I use the following line to create a recordset. The s4, in the LIKE
statement, is text of a filepath and some of the files have an ( ' )
apostrophe in the file name. The code will not add those files to the
recordset. Is there a way to get around this without changing all the
filenames?
rs2 = App.eBookDB.SQLSelect("SELECT * FROM eBooks WHERE FilePath LIKE
'%" + s4 + "%'")
thanks, pepe
"Pepe"
news:2006030616555716807-noone@nowherecom...
>I use the following line to create a recordset. The s4, in the LIKE
>statement, is text of a filepath and some of the files have an ( ' )
>apostrophe in the file name. The code will not add those files to the
>recordset. Is there a way to get around this without changing all the
>filenames?
>
> rs2 = App.eBookDB.SQLSelect("SELECT * FROM eBooks WHERE FilePath LIKE '%"
> + s4 + "%'")
The safest way is to use parameterized queries. I can't tell from your
example which language or object library you're using, but any programming
interface should support parameters for queries.

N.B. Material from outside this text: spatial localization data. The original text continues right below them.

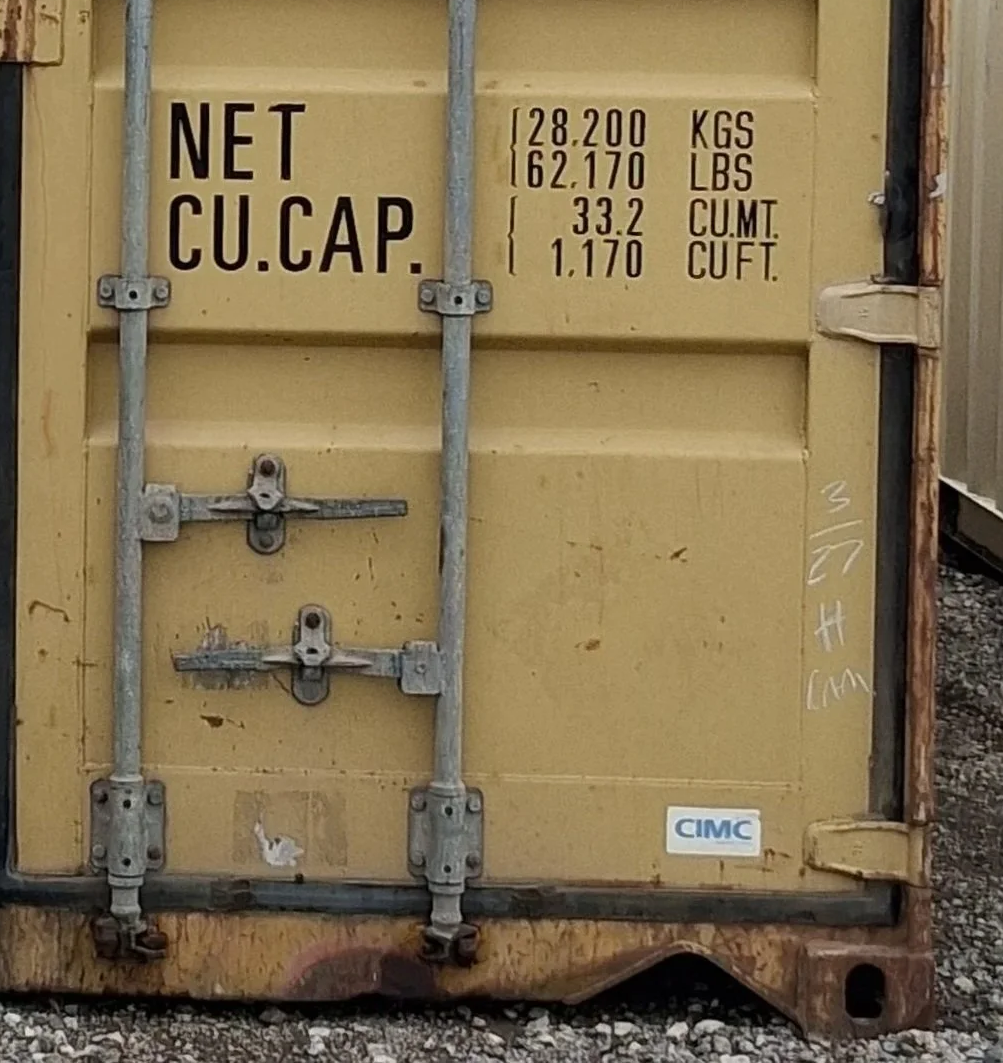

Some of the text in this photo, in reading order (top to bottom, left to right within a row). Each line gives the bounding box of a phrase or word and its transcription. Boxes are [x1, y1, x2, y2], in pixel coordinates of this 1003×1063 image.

[169, 101, 307, 181] NET
[691, 109, 755, 150] KGS
[689, 151, 753, 192] LBS
[572, 196, 779, 240] 33.2 CU.MT.
[674, 818, 752, 841] CIMC
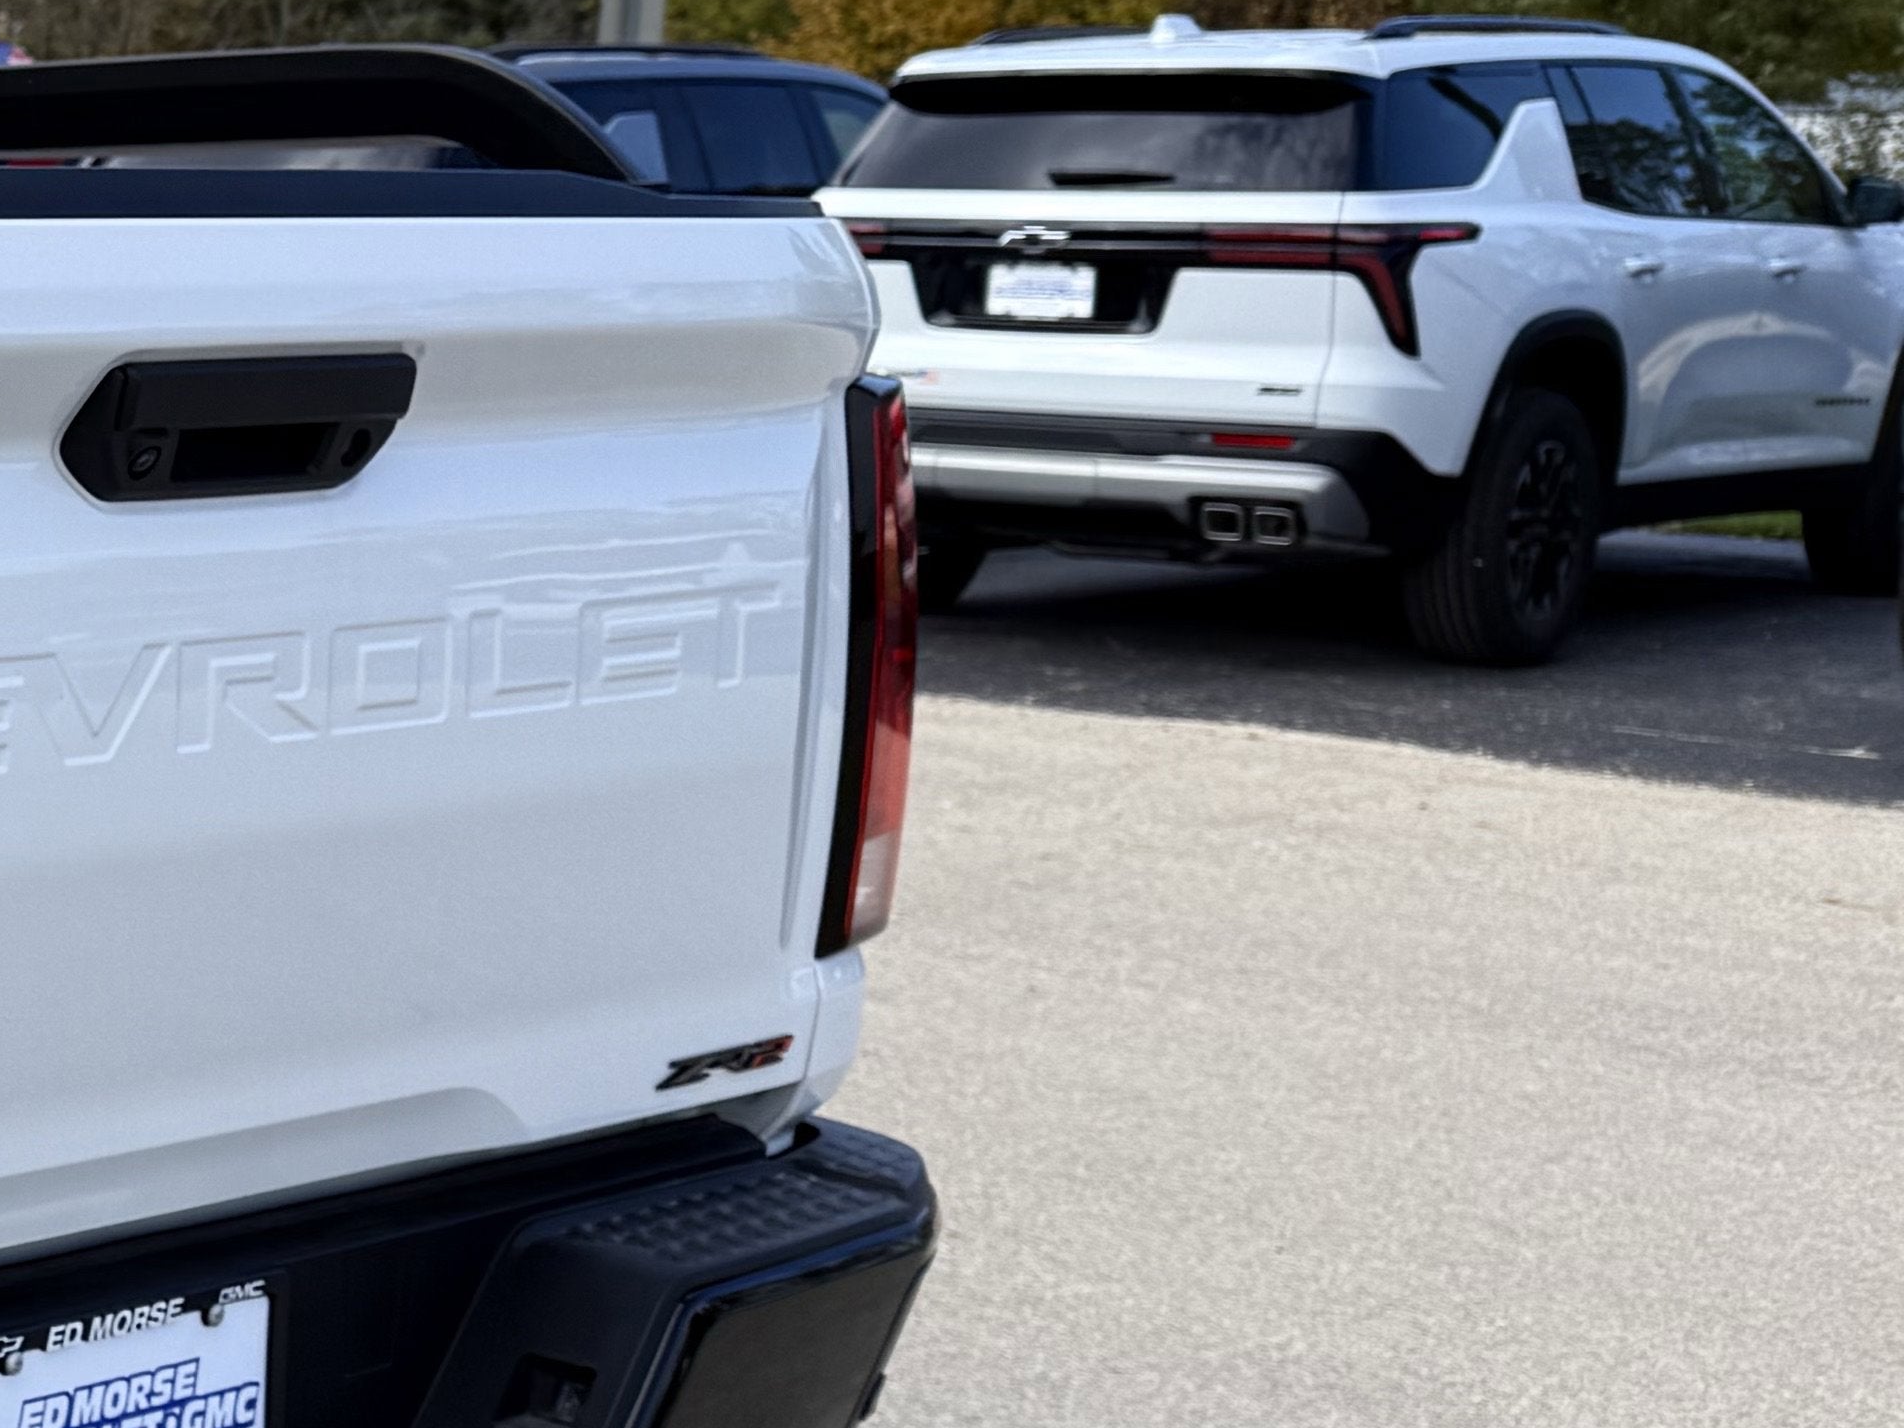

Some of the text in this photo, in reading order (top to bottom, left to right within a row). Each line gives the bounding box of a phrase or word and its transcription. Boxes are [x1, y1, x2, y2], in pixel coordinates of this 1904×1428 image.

[46, 1279, 266, 1352] ED MORSE GMC
[70, 1357, 199, 1427] MORSE

So your query would be something like:
rs2 = App.eBookDB.SQLSelect("SELECT * FROM eBooks WHERE FilePath LIKE
CONCAT('%', ?, '%')")
And then you need to supply your s4 as the parameter, which assigns the
value of s4 to the ? parameter in the SQL statement. This avoids problems
with special characters in the value of s4, and it also helps to protect
against SQL injection security flaws.
The method for supplying the parameter depends on the language and object
library you're using. Refer to your documentation.
Regards,
Bill K.
Pepe wrote:
> I use the following line to create a recordset. The s4, in the LIKE
> statement, is text of a filepath and some of the files have an ( ' )

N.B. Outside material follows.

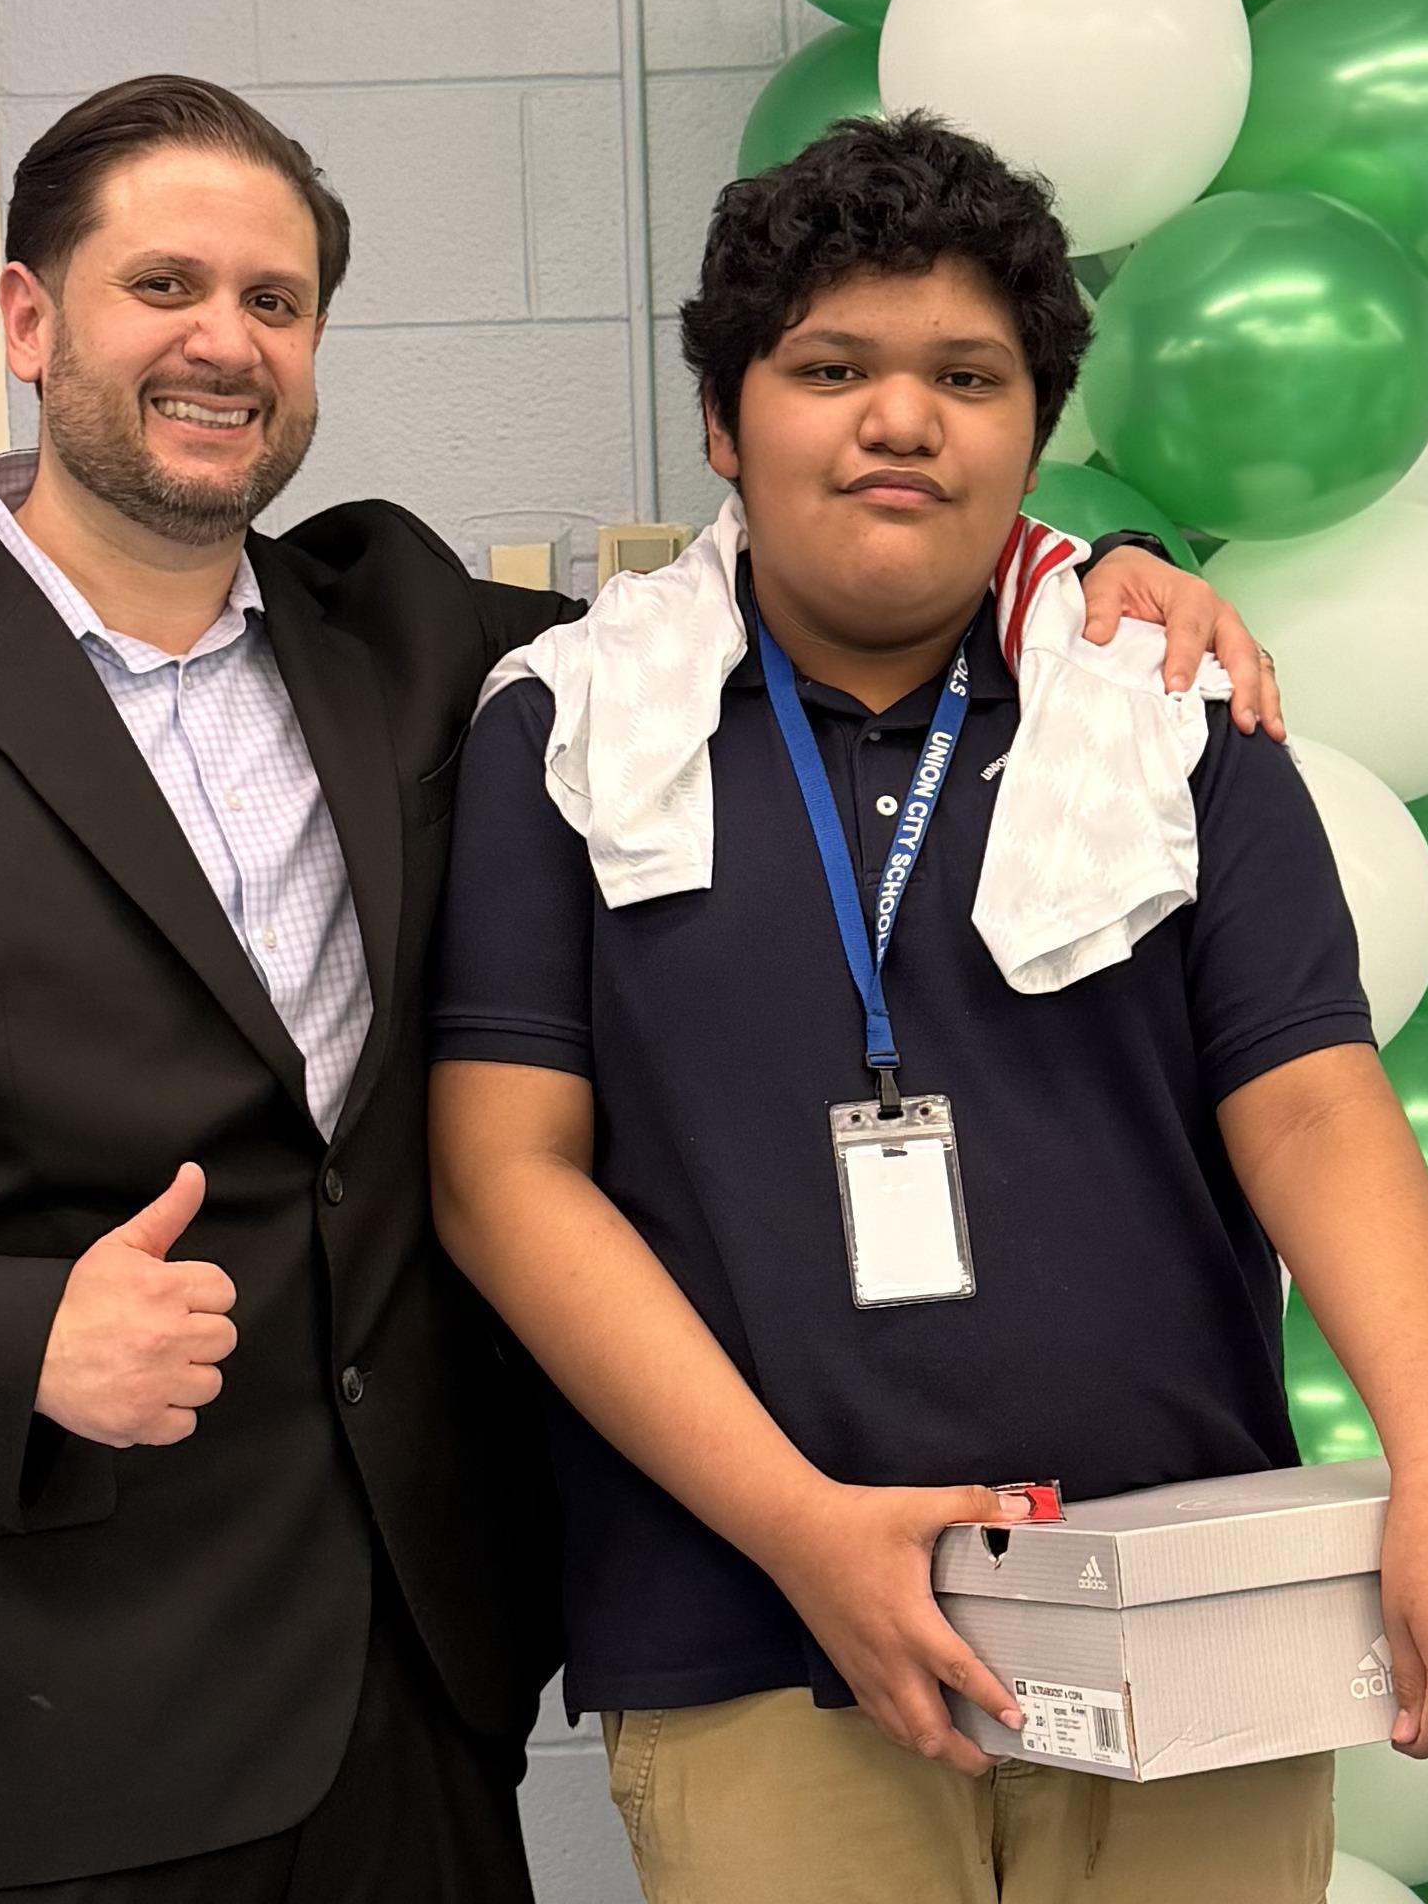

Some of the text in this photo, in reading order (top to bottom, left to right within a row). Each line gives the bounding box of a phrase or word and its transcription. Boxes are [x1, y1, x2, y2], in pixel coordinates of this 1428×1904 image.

[913, 731, 953, 798] UNION
[898, 801, 929, 851] CITY
[1350, 1666, 1394, 1700] adi

> apostrophe in the file name. The code will not add those files to the
> recordset. Is there a way to get around this without changing all the
> filenames?
Escape ' characters with \.. So change
"that's it" to "that\'s it"
You will also need to escape \ characters with \. And also ? and %
characters unless you wish to use them like the way you are using % in
your example.
"Aggro"
news:zi3Pf.384$W03.81@read3.inet.fi...
> And also ? and % characters unless you wish to use them like the way you
> are using % in your example.
Do you mean the _ and % characters? The question mark is not a wildcard in
LIKE predicates; the underscore character is.
Regards,
Bill K.
On 2006-03-06 17:52:03 -0500, "Bill Karwin"
>
> The safest way is to use parameterized queries. I can't tell from your
> example which language or object library you're using, but any
> programming interface should support parameters for queries.
>
> So your query would be something like:
>
> rs2 = App.eBookDB.SQLSelect("SELECT * FROM eBooks WHERE FilePath LIKE
> CONCAT('%', ?, '%')")
>
> And then you need to supply your s4 as the parameter, which assigns the
> value of s4 to the ? parameter in the SQL statement. This avoids
> problems with special characters in the value of s4, and it also helps
> to protect against SQL injection security flaws.
>
> The method for supplying the parameter depends on the language and
> object library you're using. Refer to your documentation.
Bill K
I'm using RealBasic SQLDatabase, and I don't have any documentation for
it, only what I find on the net. I looked up CONCAT and understand what
it does but I don't know enough about the ? and how to use it.
pepe
On 2006-03-06 18:09:19 -0500, Aggro
> Pepe wrote:
>> I use the following line to create a recordset. The s4, in the LIKE
>> statement, is text of a filepath and some of the files have an ( ' )
>> apostrophe in the file name. The code will not add those files to the
>> recordset. Is there a way to get around this without changing all the
>> filenames?
>
> Escape ' characters with \.. So change
>
> "that's it" to "that\'s it"
>
> You will also need to escape \ characters with \. And also ? and %
> characters unless you wish to use them like the way you are using % in
> your example.
Thanks, I'll give it a try.
pepe
Bill Karwin wrote:
> Do you mean the _ and % characters? The question mark is not a wildcard in
> LIKE predicates; the underscore character is.
That is right. Thank you for correcting this.